根据16S rDNA测序结果分析，如图12所示，在门分类水平，产酸相中大部分菌种都集中Actinobacteria(放线菌门)、Proteobacteria(变形菌门)、Firmicutes(厚壁菌门)、Bacteroidetes(拟杆菌门)，各个菌门含量分别为42.46%、36.14%、12.69%、7.97%，表现出较高丰度,其相对丰度之和占细菌菌群总丰度的99.25%，上述菌群均被报道是厌氧发酵技术处理固废、废水及污泥中常见的细菌菌群[11].在微生物环境中，Actinobacteria是具有潜在修复功能的菌种，生长速率快.有研究证明，Actinobacteria中的一些种可以产生大量的水解酶.而Proteobacteria在厌氧水解与酸化系统中，是极其重要的微生物，大多数互营共生菌都属于该门，可降解长链脂肪酸.Firmicutes可产生蛋白酶、纤维素酶、脂肪酶和其他细胞外酶，并与有机物的降解密切相关，其具有较好的细胞壁，可抵抗外界极端环境[12-14].
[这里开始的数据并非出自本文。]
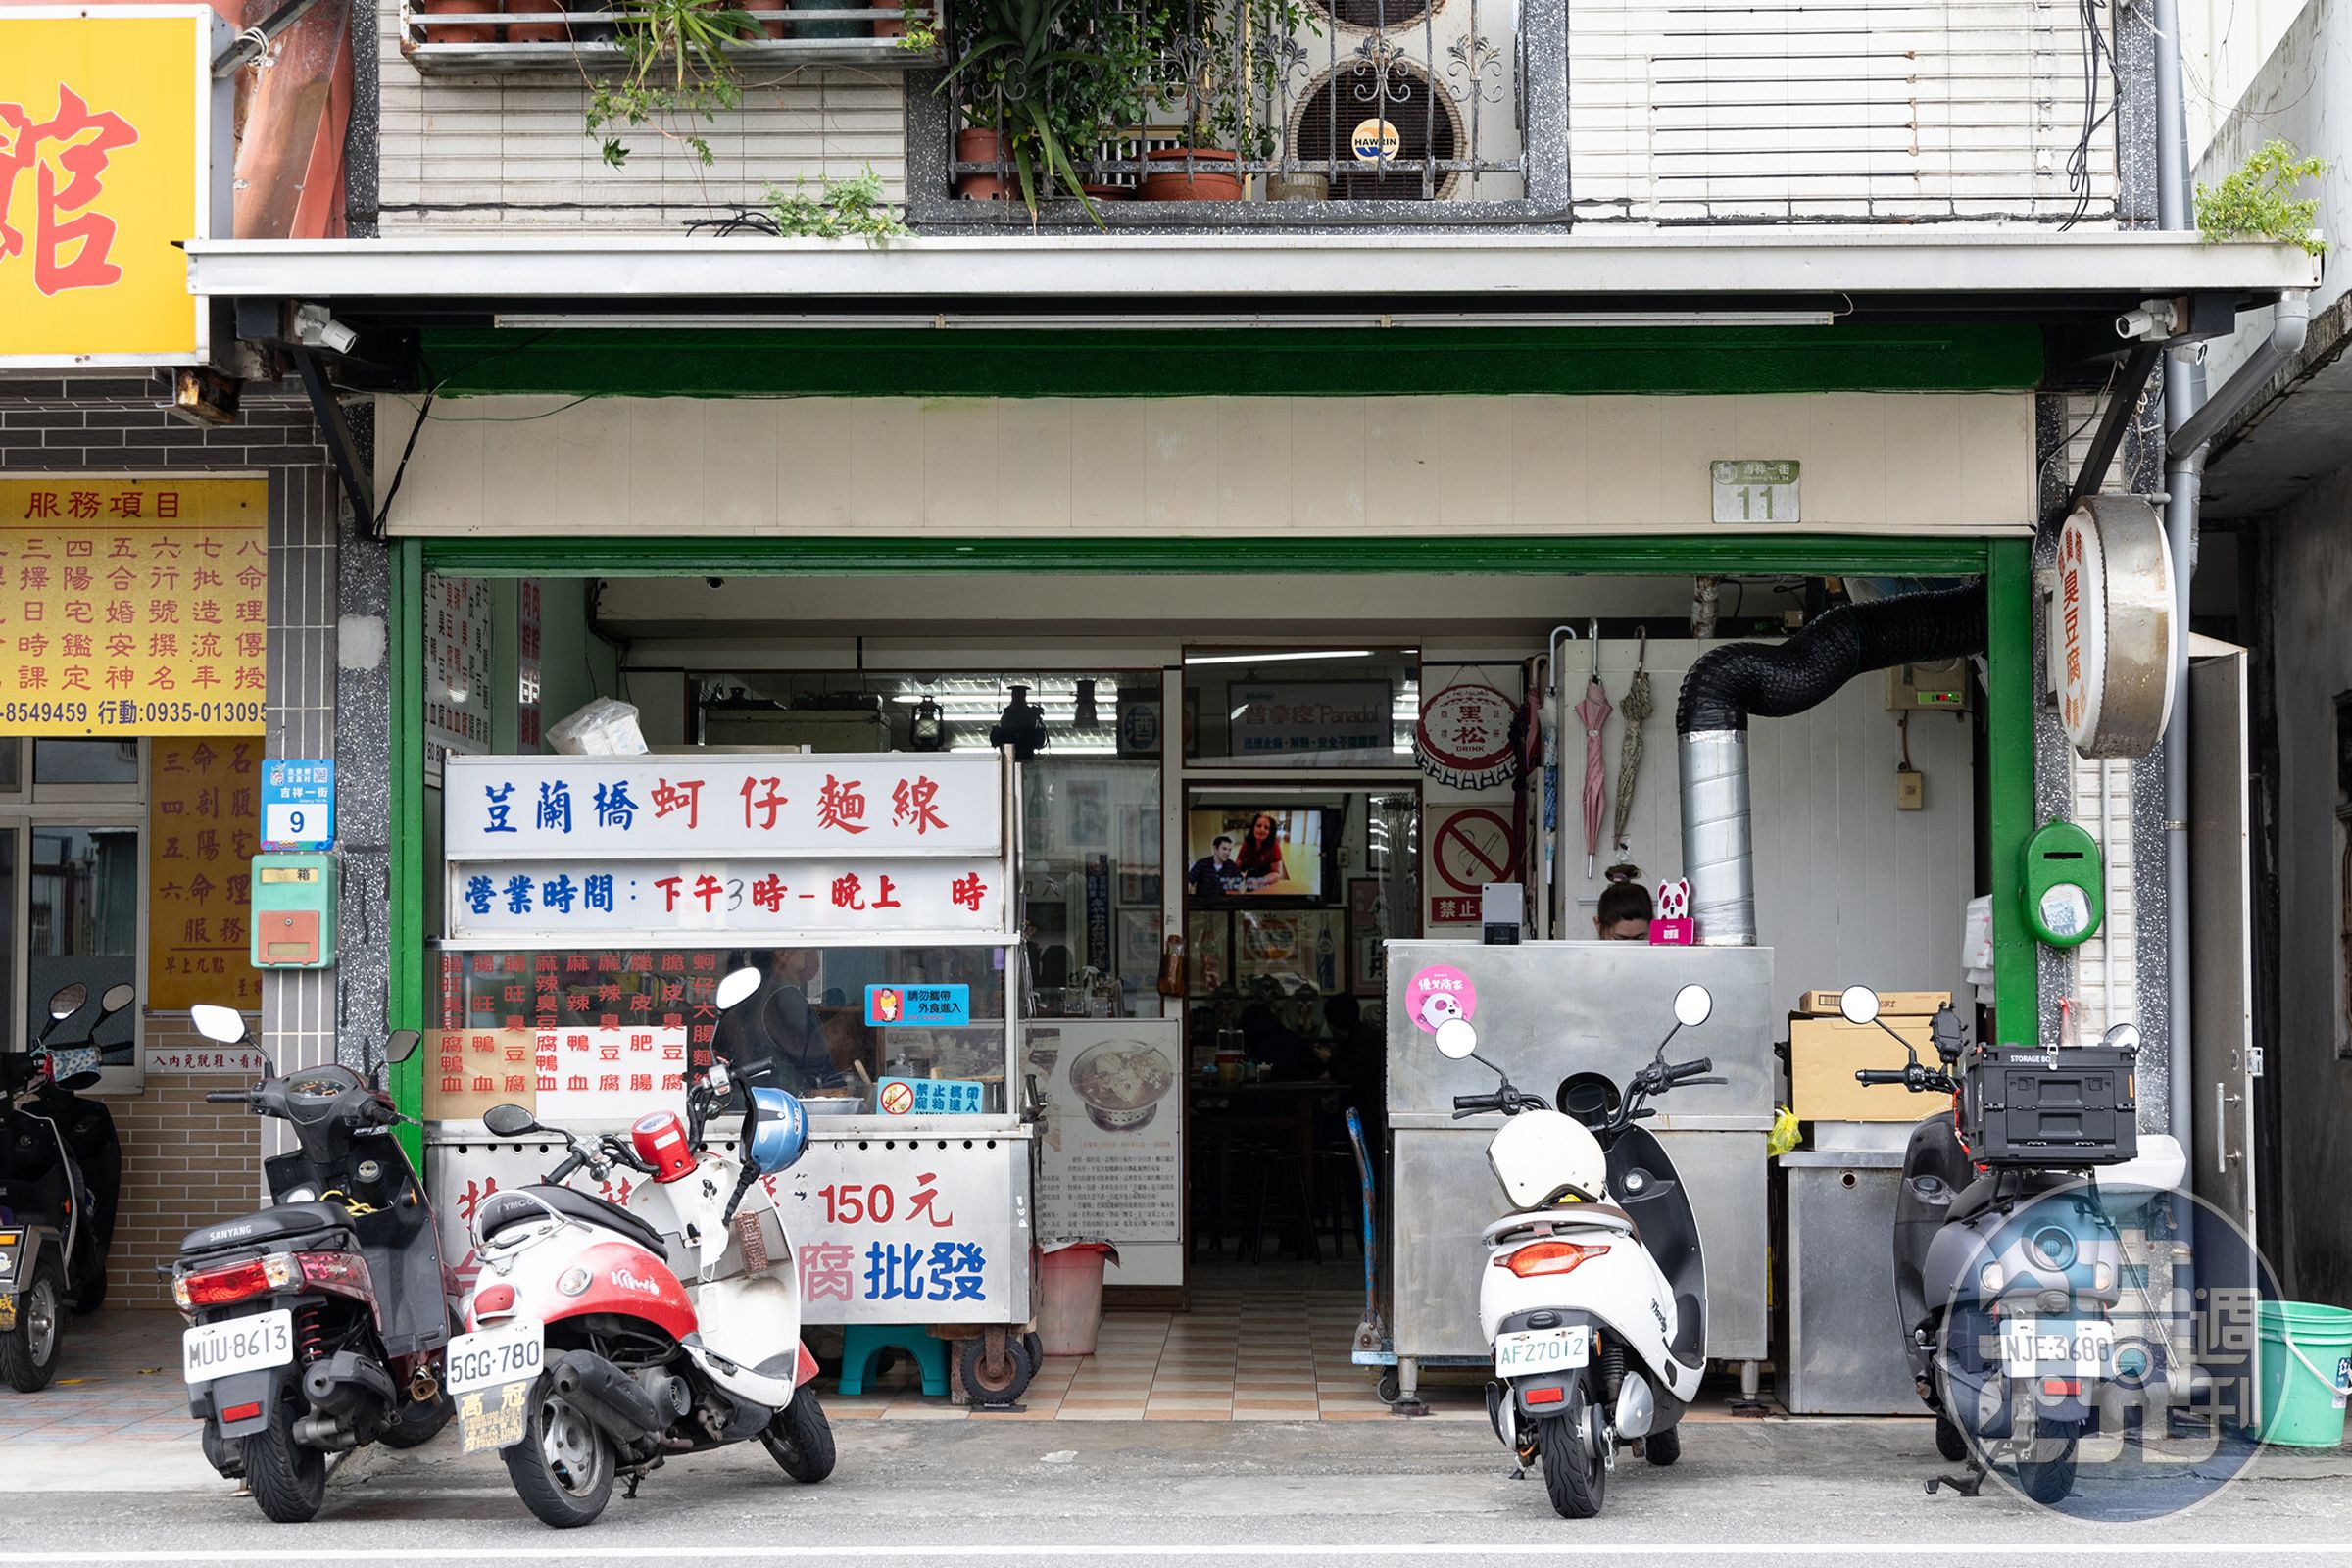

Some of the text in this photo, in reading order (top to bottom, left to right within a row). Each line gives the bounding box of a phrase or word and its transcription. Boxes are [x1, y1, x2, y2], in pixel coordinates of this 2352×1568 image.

[25, 491, 179, 519] 服務項目
[1737, 486, 1773, 520] 11
[2063, 570, 2080, 686] 臭豆腐
[1319, 704, 1379, 725] Panadol
[1452, 706, 1489, 744] 黑松
[1129, 716, 1154, 741] 酒
[280, 787, 328, 798] 吉祥一街
[483, 774, 950, 836] 荳蘭橋蚵仔麵線
[289, 811, 305, 833] 9
[952, 872, 988, 912] 時
[1439, 900, 1482, 919] 禁止
[184, 919, 246, 943] 服務
[165, 956, 225, 975] 早上九點
[907, 990, 951, 1001] 請勿攜帶
[919, 1003, 961, 1013] 外食進入
[662, 954, 684, 1091] 脆皮臭豆腐
[2010, 1054, 2040, 1063] STORAGE
[916, 1083, 980, 1099] 禁止攜帶
[818, 1172, 954, 1227] 150元
[210, 1225, 252, 1242] SANYANG
[1501, 1338, 1584, 1365] AF27012
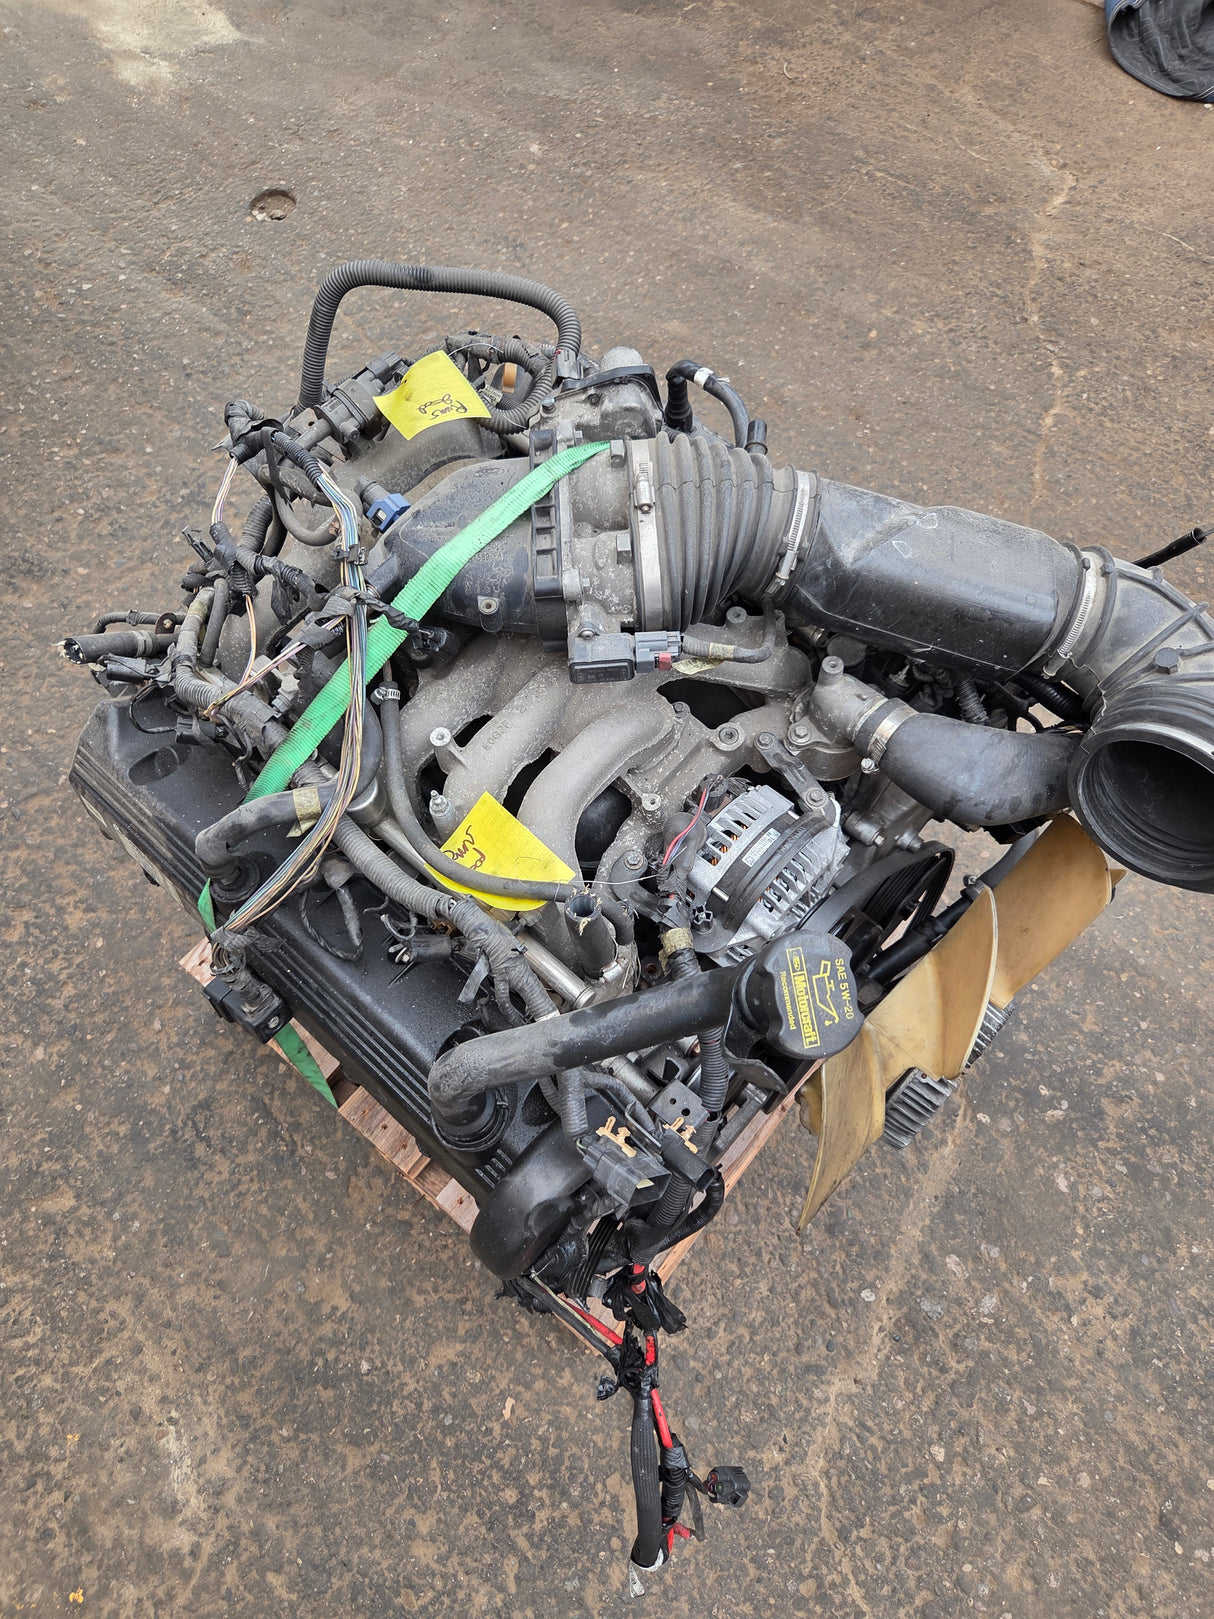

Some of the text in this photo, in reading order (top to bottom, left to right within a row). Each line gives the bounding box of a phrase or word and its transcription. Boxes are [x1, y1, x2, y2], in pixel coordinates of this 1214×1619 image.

[779, 971, 797, 1030] Recommended
[793, 974, 818, 1043] Motorcraft
[835, 958, 855, 1020] SAE 5W-20
而在属分类水平，如图13所示，Enterobacteriaceae(肠杆菌属)，Bifidobacterium(双歧杆菌属)，Corynebacterium(棒杆菌属)，Bacteroidetes(拟杆菌属)，Clostridiumsensustricto(梭状假胞杆菌属)分别占总量的29.68%、24.42%、11.95%、4.74%、4.75%.这些菌群在有机物的高效降解中能发挥重要作用.刘光瑞[15]在进水负荷为7.2 kg COD/m3·d时，Enterobacteriaceae的相对丰度为36.68%，负荷提高后丰度降低.陈瑛等[16]认为，在厌氧反应中产生乙醇型发酵时，其主要微生物种群是梭菌属，而形成丁酸型发酵时，主要的微生物种群是Enterobacteriaceae.Clostridiumsensustricto是厌氧环境中较为常见的菌属，具有较广泛的温度生长范围，且可利用的基质也较丰富，能明显提高发酵启动时间，其产物主要为乙酸、丁酸及少量丙酸，反应体系中一定含量的Clostridiumsensustricto可提高体系发酵类型的丰富度[17].梭菌和肠杆菌都是产酸发酵过程污泥中主要的发酵微生物，刘光瑞[15]发现，Clostridiumsensustricto具有较宽的pH生长范围，在pH为4时仍能正常生长，而Enterobacteriaceae在ph=4时其生长受到有机酸抑制，在pH为5～5.5时，Enterobacteriaceae具有活性强.而在本实验中，pH在4.5附近，Enterobacteriaceae丰度占30%左右，因此可认为，本实验中，肠杆菌属对低pH的耐受力有很大提高.Bifidobacterium为常见的碳水化合物水解酸化细菌，其主要代谢产物为乙酸和乳酸.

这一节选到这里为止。